An exact reproduction of all the entries is what the answer must contain.

Dataset entries:
--------

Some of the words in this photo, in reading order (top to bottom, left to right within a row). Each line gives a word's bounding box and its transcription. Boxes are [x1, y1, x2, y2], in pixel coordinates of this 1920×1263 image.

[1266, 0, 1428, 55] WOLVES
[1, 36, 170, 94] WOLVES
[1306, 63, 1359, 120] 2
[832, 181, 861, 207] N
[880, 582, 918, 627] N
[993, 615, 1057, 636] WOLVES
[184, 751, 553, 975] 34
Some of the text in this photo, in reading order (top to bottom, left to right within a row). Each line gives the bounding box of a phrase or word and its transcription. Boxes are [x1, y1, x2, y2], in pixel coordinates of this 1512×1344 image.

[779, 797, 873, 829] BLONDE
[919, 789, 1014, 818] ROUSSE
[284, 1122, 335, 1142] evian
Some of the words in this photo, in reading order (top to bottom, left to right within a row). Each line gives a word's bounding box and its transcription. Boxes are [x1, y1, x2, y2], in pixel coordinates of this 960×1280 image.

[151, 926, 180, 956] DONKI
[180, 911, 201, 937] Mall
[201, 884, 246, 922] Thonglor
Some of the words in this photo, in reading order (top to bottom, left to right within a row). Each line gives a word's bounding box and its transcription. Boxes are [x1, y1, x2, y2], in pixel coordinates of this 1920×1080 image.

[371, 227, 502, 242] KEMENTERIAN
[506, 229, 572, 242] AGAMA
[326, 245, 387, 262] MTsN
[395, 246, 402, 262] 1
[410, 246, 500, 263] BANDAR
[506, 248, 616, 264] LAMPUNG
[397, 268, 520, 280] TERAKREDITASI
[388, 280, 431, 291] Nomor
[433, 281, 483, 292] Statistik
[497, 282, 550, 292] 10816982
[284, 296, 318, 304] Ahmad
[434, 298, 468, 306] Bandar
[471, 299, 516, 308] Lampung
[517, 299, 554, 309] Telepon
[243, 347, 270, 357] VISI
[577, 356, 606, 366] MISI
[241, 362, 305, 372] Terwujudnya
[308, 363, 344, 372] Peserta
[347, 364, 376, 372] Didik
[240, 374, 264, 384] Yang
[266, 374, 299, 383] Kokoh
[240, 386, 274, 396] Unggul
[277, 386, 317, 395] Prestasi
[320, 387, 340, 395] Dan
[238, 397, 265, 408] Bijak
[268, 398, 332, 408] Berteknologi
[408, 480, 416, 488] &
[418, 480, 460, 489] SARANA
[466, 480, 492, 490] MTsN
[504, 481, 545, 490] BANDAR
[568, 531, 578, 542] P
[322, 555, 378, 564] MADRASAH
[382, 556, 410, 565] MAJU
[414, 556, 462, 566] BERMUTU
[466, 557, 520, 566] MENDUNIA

--------

### Written reply
Some of the words in this photo, in reading order (top to bottom, left to right within a row). Each line gives a word's bounding box and its transcription. Boxes are [x1, y1, x2, y2], in pixel coordinates of this 1920×1263 image.

[1266, 0, 1428, 55] WOLVES
[1, 36, 170, 94] WOLVES
[1306, 63, 1359, 120] 2
[832, 181, 861, 207] N
[880, 582, 918, 627] N
[993, 615, 1057, 636] WOLVES
[184, 751, 553, 975] 34
Some of the text in this photo, in reading order (top to bottom, left to right within a row). Each line gives the bounding box of a phrase or word and its transcription. Boxes are [x1, y1, x2, y2], in pixel coordinates of this 1512×1344 image.

[779, 797, 873, 829] BLONDE
[919, 789, 1014, 818] ROUSSE
[284, 1122, 335, 1142] evian
Some of the words in this photo, in reading order (top to bottom, left to right within a row). Each line gives a word's bounding box and its transcription. Boxes are [x1, y1, x2, y2], in pixel coordinates of this 960×1280 image.

[151, 926, 180, 956] DONKI
[180, 911, 201, 937] Mall
[201, 884, 246, 922] Thonglor
Some of the words in this photo, in reading order (top to bottom, left to right within a row). Each line gives a word's bounding box and its transcription. Boxes are [x1, y1, x2, y2], in pixel coordinates of this 1920×1080 image.

[371, 227, 502, 242] KEMENTERIAN
[506, 229, 572, 242] AGAMA
[326, 245, 387, 262] MTsN
[395, 246, 402, 262] 1
[410, 246, 500, 263] BANDAR
[506, 248, 616, 264] LAMPUNG
[397, 268, 520, 280] TERAKREDITASI
[388, 280, 431, 291] Nomor
[433, 281, 483, 292] Statistik
[497, 282, 550, 292] 10816982
[284, 296, 318, 304] Ahmad
[434, 298, 468, 306] Bandar
[471, 299, 516, 308] Lampung
[517, 299, 554, 309] Telepon
[243, 347, 270, 357] VISI
[577, 356, 606, 366] MISI
[241, 362, 305, 372] Terwujudnya
[308, 363, 344, 372] Peserta
[347, 364, 376, 372] Didik
[240, 374, 264, 384] Yang
[266, 374, 299, 383] Kokoh
[240, 386, 274, 396] Unggul
[277, 386, 317, 395] Prestasi
[320, 387, 340, 395] Dan
[238, 397, 265, 408] Bijak
[268, 398, 332, 408] Berteknologi
[408, 480, 416, 488] &
[418, 480, 460, 489] SARANA
[466, 480, 492, 490] MTsN
[504, 481, 545, 490] BANDAR
[568, 531, 578, 542] P
[322, 555, 378, 564] MADRASAH
[382, 556, 410, 565] MAJU
[414, 556, 462, 566] BERMUTU
[466, 557, 520, 566] MENDUNIA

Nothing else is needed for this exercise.